__Required action__:
Each entry that appears below should be restated word for word.

__Records for this task__:
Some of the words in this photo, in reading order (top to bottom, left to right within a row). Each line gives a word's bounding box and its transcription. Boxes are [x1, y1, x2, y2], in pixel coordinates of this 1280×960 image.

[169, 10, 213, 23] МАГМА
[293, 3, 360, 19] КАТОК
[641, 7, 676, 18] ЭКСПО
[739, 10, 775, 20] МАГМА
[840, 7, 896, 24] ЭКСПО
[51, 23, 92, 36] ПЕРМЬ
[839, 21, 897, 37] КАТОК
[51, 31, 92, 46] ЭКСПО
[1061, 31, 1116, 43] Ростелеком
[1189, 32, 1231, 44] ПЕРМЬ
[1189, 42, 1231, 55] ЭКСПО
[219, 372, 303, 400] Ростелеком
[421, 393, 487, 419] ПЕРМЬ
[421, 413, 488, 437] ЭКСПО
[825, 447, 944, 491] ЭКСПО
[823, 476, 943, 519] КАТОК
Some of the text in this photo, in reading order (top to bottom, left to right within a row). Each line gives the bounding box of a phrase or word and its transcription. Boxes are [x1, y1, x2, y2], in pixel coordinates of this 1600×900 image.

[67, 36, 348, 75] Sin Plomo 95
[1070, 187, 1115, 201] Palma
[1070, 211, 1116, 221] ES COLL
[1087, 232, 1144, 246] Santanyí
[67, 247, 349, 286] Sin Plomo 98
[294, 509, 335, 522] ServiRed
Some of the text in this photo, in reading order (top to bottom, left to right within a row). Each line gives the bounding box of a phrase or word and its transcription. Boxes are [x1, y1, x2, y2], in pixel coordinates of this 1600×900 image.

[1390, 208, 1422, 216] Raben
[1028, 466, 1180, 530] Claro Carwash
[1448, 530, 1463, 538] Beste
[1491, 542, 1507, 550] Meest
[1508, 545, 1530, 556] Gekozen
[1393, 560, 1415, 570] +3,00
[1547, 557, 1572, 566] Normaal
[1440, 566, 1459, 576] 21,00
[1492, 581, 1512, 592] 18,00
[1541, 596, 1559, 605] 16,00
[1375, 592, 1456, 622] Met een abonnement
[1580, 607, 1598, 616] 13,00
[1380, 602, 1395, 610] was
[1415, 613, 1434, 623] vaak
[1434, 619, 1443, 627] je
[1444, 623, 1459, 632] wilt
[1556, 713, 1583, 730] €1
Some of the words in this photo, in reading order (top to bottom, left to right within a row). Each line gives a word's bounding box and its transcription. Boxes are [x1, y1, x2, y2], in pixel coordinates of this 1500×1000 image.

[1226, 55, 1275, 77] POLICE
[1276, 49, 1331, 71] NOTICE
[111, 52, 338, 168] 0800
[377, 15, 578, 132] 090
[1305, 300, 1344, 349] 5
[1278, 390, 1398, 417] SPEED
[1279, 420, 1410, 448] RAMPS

__Finished task__:
Some of the words in this photo, in reading order (top to bottom, left to right within a row). Each line gives a word's bounding box and its transcription. Boxes are [x1, y1, x2, y2], in pixel coordinates of this 1280×960 image.

[169, 10, 213, 23] МАГМА
[293, 3, 360, 19] КАТОК
[641, 7, 676, 18] ЭКСПО
[739, 10, 775, 20] МАГМА
[840, 7, 896, 24] ЭКСПО
[51, 23, 92, 36] ПЕРМЬ
[839, 21, 897, 37] КАТОК
[51, 31, 92, 46] ЭКСПО
[1061, 31, 1116, 43] Ростелеком
[1189, 32, 1231, 44] ПЕРМЬ
[1189, 42, 1231, 55] ЭКСПО
[219, 372, 303, 400] Ростелеком
[421, 393, 487, 419] ПЕРМЬ
[421, 413, 488, 437] ЭКСПО
[825, 447, 944, 491] ЭКСПО
[823, 476, 943, 519] КАТОК
Some of the text in this photo, in reading order (top to bottom, left to right within a row). Each line gives the bounding box of a phrase or word and its transcription. Boxes are [x1, y1, x2, y2], in pixel coordinates of this 1600×900 image.

[67, 36, 348, 75] Sin Plomo 95
[1070, 187, 1115, 201] Palma
[1070, 211, 1116, 221] ES COLL
[1087, 232, 1144, 246] Santanyí
[67, 247, 349, 286] Sin Plomo 98
[294, 509, 335, 522] ServiRed
Some of the text in this photo, in reading order (top to bottom, left to right within a row). Each line gives the bounding box of a phrase or word and its transcription. Boxes are [x1, y1, x2, y2], in pixel coordinates of this 1600×900 image.

[1390, 208, 1422, 216] Raben
[1028, 466, 1180, 530] Claro Carwash
[1448, 530, 1463, 538] Beste
[1491, 542, 1507, 550] Meest
[1508, 545, 1530, 556] Gekozen
[1393, 560, 1415, 570] +3,00
[1547, 557, 1572, 566] Normaal
[1440, 566, 1459, 576] 21,00
[1492, 581, 1512, 592] 18,00
[1541, 596, 1559, 605] 16,00
[1375, 592, 1456, 622] Met een abonnement
[1580, 607, 1598, 616] 13,00
[1380, 602, 1395, 610] was
[1415, 613, 1434, 623] vaak
[1434, 619, 1443, 627] je
[1444, 623, 1459, 632] wilt
[1556, 713, 1583, 730] €1
Some of the words in this photo, in reading order (top to bottom, left to right within a row). Each line gives a word's bounding box and its transcription. Boxes are [x1, y1, x2, y2], in pixel coordinates of this 1500×1000 image.

[1226, 55, 1275, 77] POLICE
[1276, 49, 1331, 71] NOTICE
[111, 52, 338, 168] 0800
[377, 15, 578, 132] 090
[1305, 300, 1344, 349] 5
[1278, 390, 1398, 417] SPEED
[1279, 420, 1410, 448] RAMPS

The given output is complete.